Secretary-Treasurer Elissa McBride called the gathering historic for AFSCME’s future and for our union’s VMO program.

“It demonstrates our union’s deep commitment to growth,” McBride said Thursday. “It shines a light on the importance of rank and file leadership. There is so much at stake here – for state employees in Nevada, for you as a union leader, and for our union.”

In addition to getting trained and building their skills, VMOs were briefed on the union’s 2019 organizing priorities – to focus on external organizing in key industries and bring the power of solidarity and collective participation to hospital workers, behavioral professionals and emergency services workers. 

VMOs applied their lessons right away. They knocked on the doors of Nevada state employees to discuss the benefits of coming together and bargaining improvements to working conditions, pay and benefits. 

Griselda Horton from AFSCME Local 829, Council 57, in California was eager to get started. “I’m just so excited to take time to reach out to Nevada state employees to share my story and value of being an AFSCME member and being a part of the AFSCME family,” she said. 

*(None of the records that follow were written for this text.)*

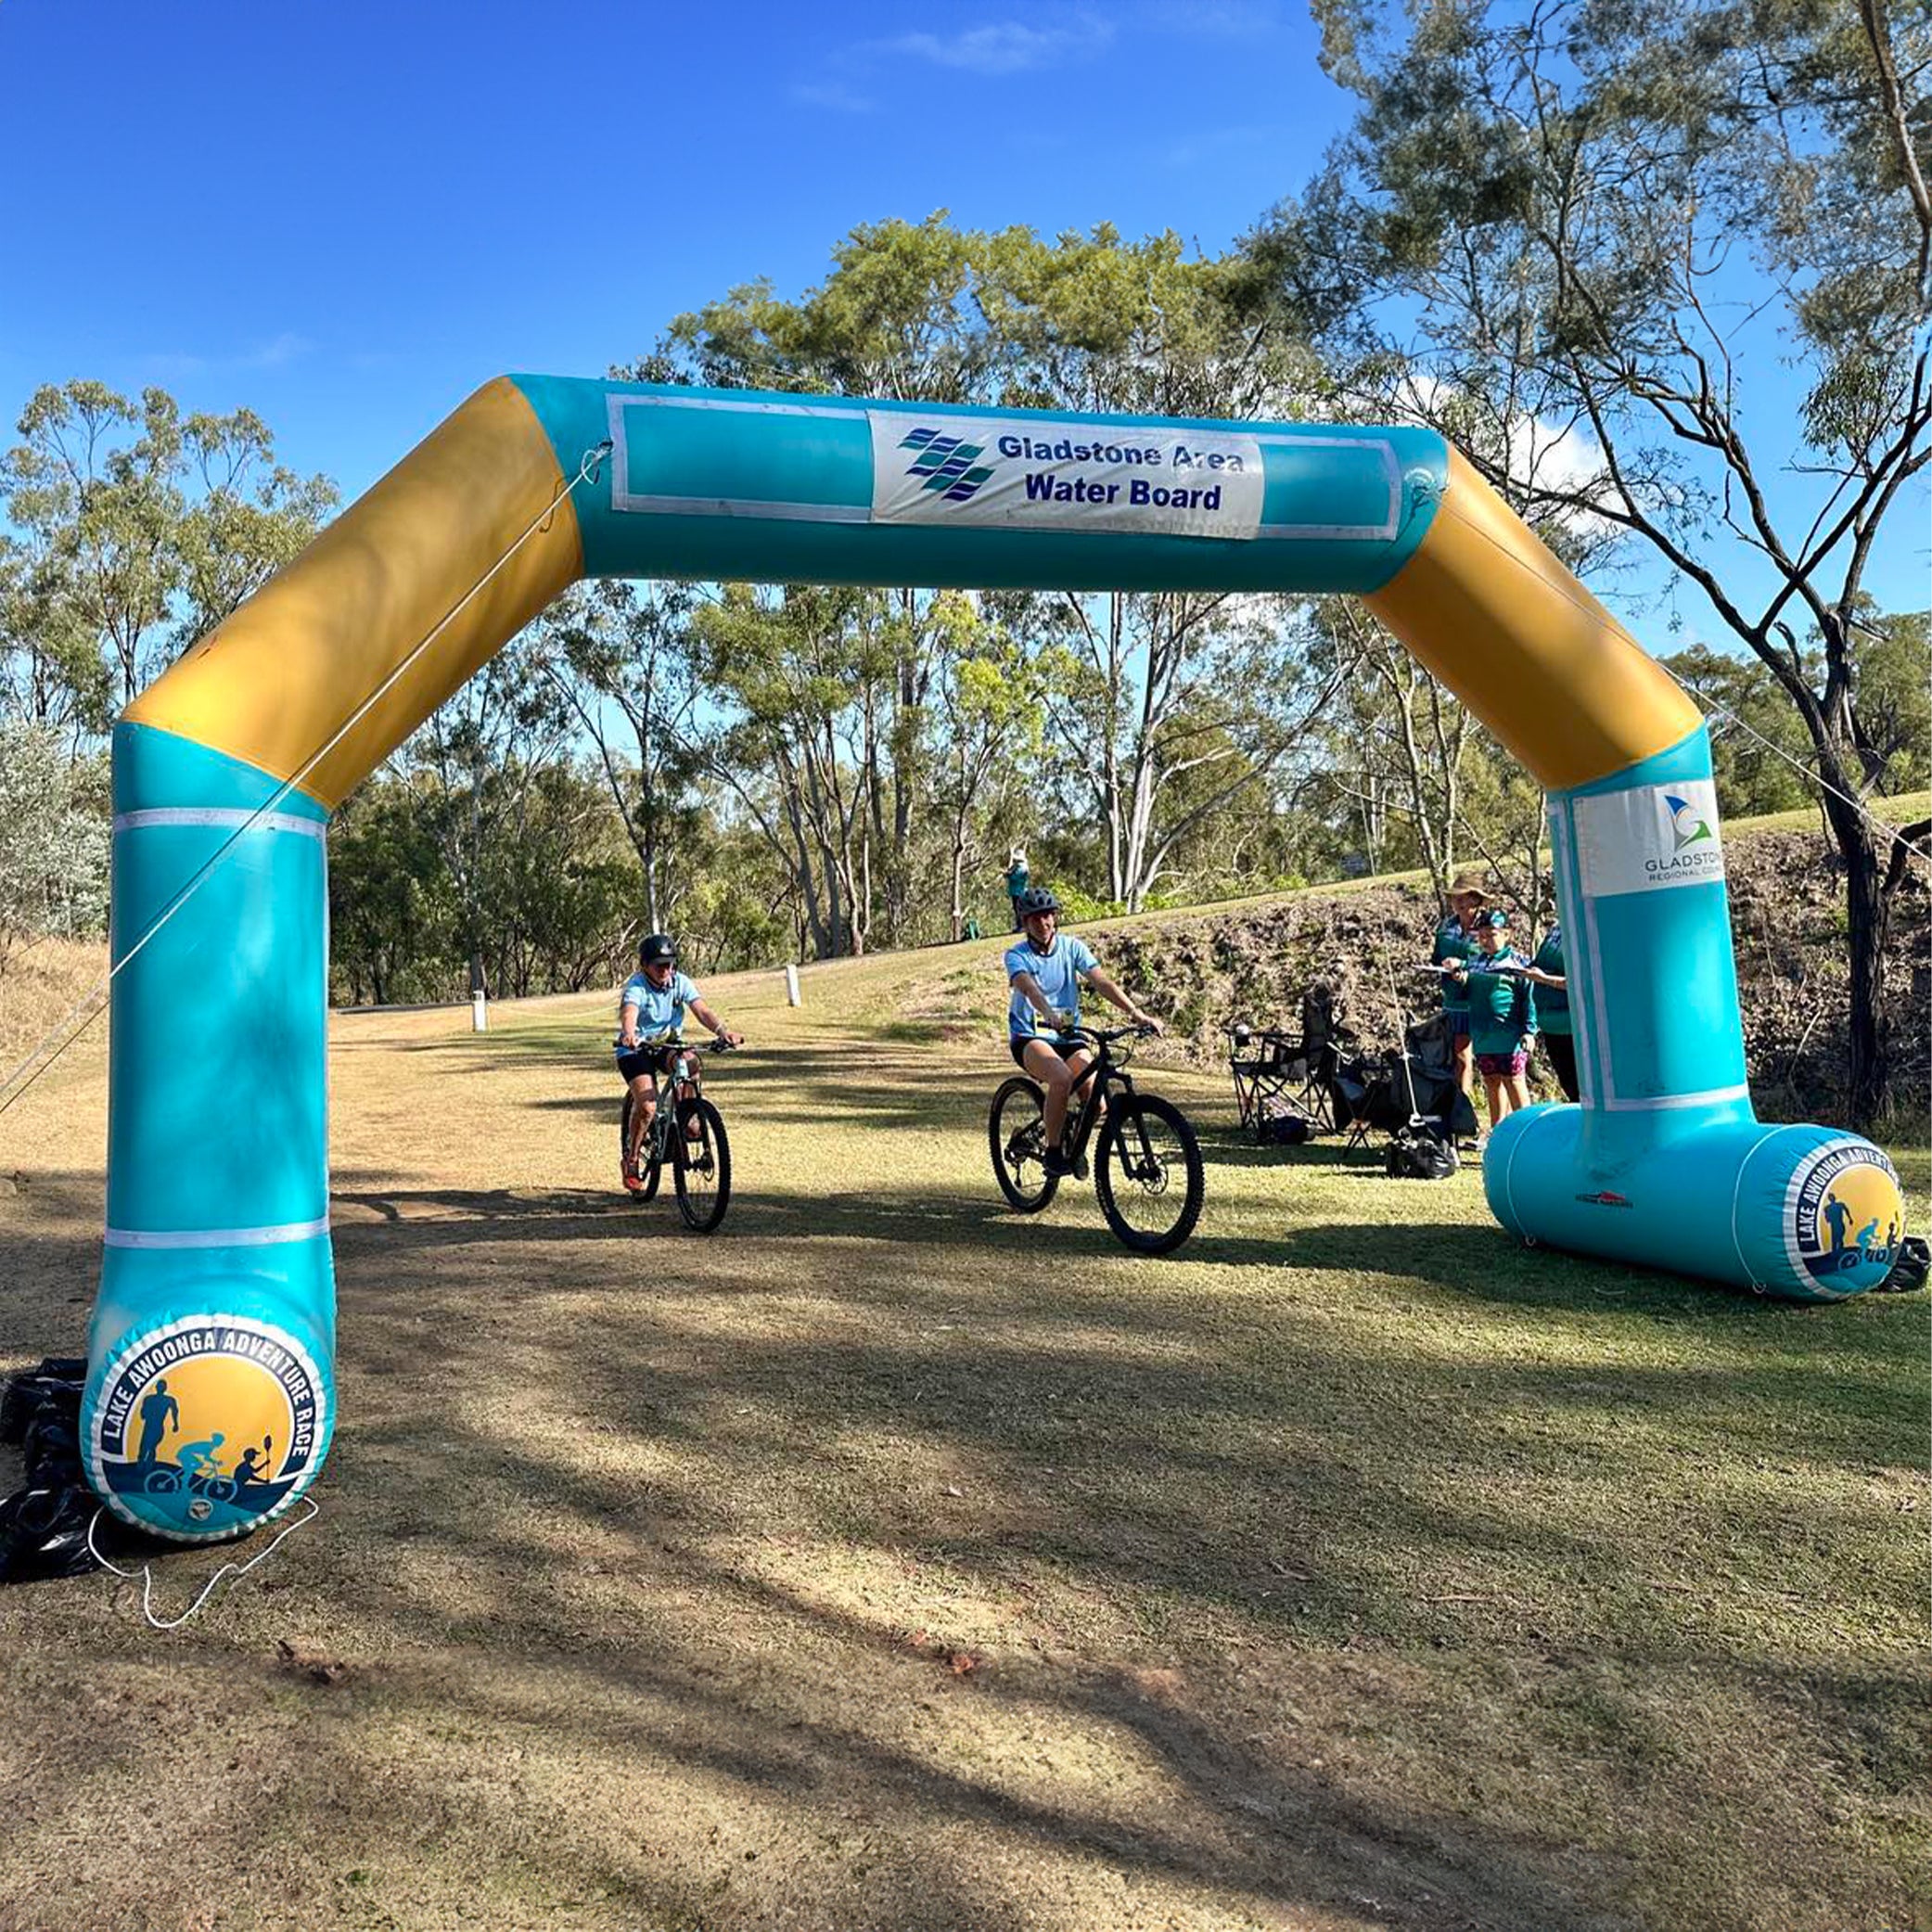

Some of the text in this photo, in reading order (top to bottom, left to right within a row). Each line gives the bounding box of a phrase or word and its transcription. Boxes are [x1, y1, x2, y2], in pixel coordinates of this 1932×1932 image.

[998, 436, 1244, 472] Gladstone Area
[1025, 473, 1222, 511] Water Board
[1802, 1151, 1849, 1205] AWOONGA
[1799, 1204, 1816, 1243] LAKE
[104, 1331, 313, 1458] LAKE AWOONGA ADVENTURE RACE

Nevada state employees are the only public service workers in the state without collective bargaining rights. But AFSCME Local 4041, which serves Nevada state employees, is a union on the move, having grown by more than 1,000 members in the past year.  The union is now working to win collective bargaining rights at the legislature.   

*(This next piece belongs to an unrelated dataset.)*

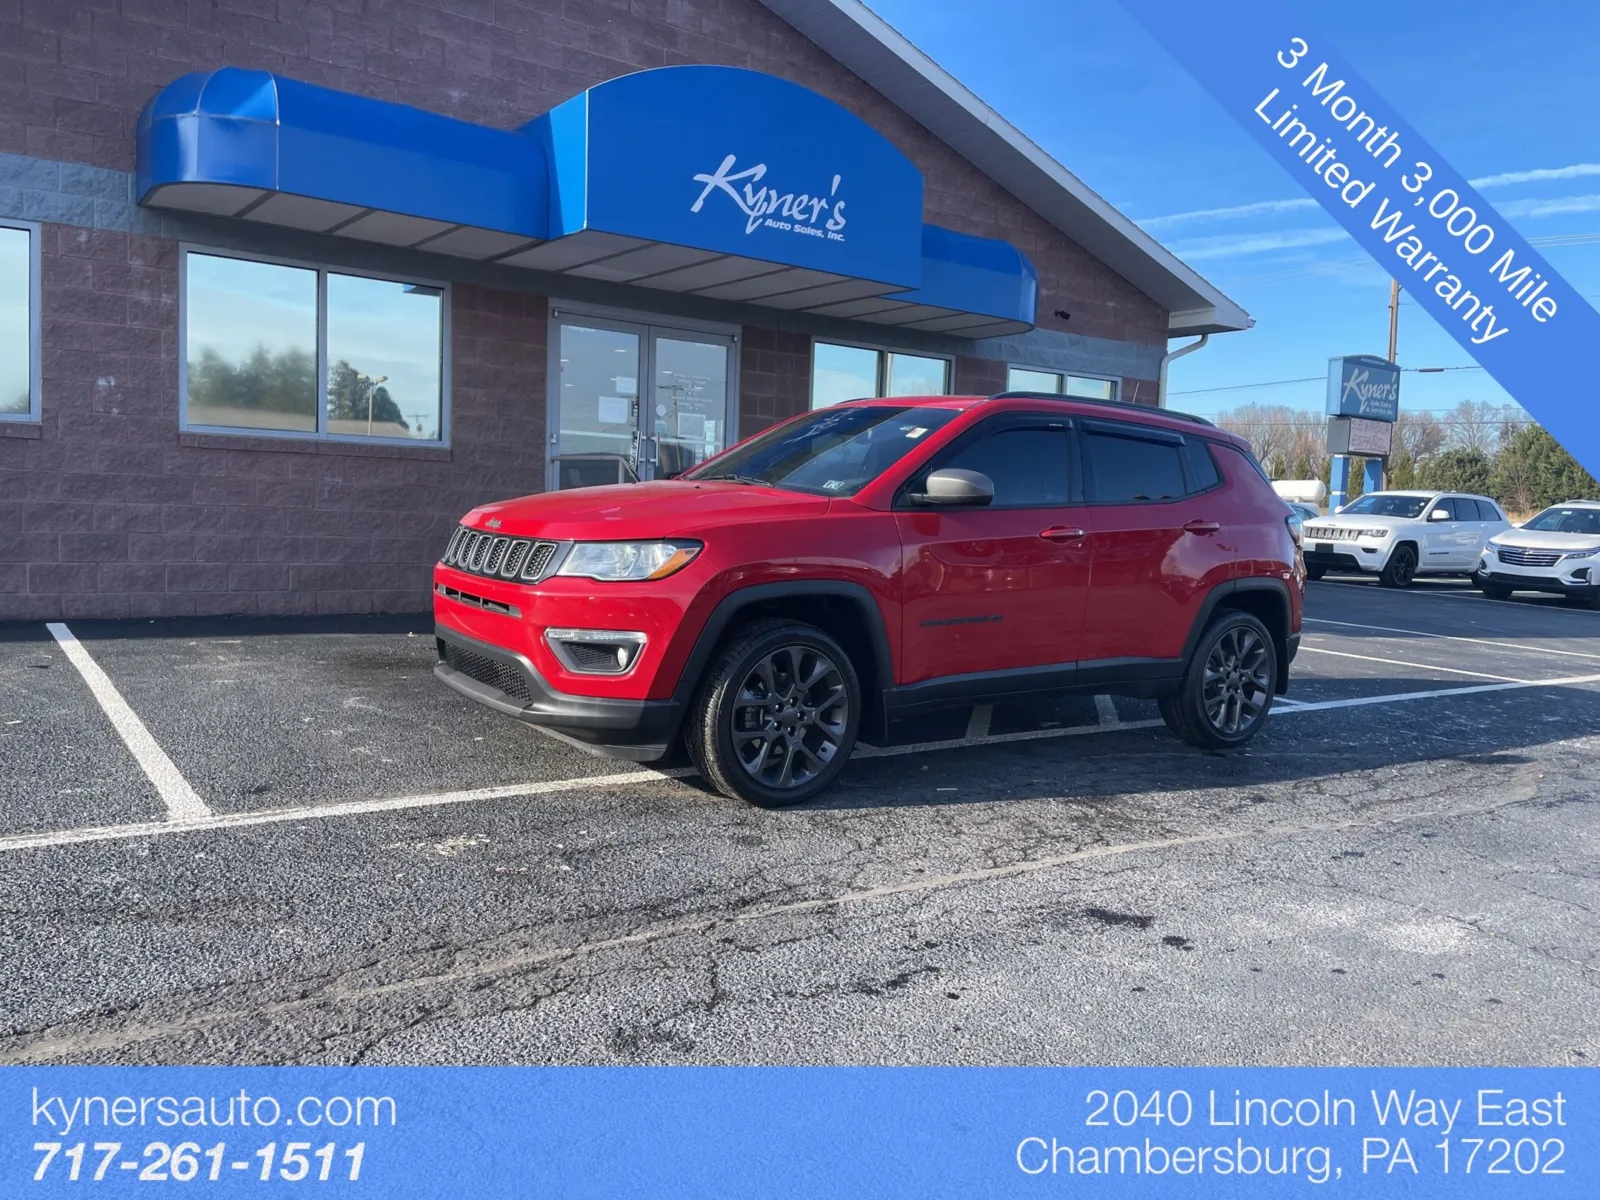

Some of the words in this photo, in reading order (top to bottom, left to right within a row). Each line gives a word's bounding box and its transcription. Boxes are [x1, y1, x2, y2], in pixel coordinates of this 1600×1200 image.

In just three days, Horton and other VMOs certainly did rise up. And they will continue to soar in 2019 when they share stories of how unity and collective bargaining works with thousands of unorganized hospital workers, behavioral health employees and EMS workers. 

Nick Merton, an auditor with the State of New Mexico and a member of AFSCME Local 1211, Council 18, echoed the feeling of many of his fellow VMOs when he said: “To be part of helping workers come together in a union is an awesome feeling.”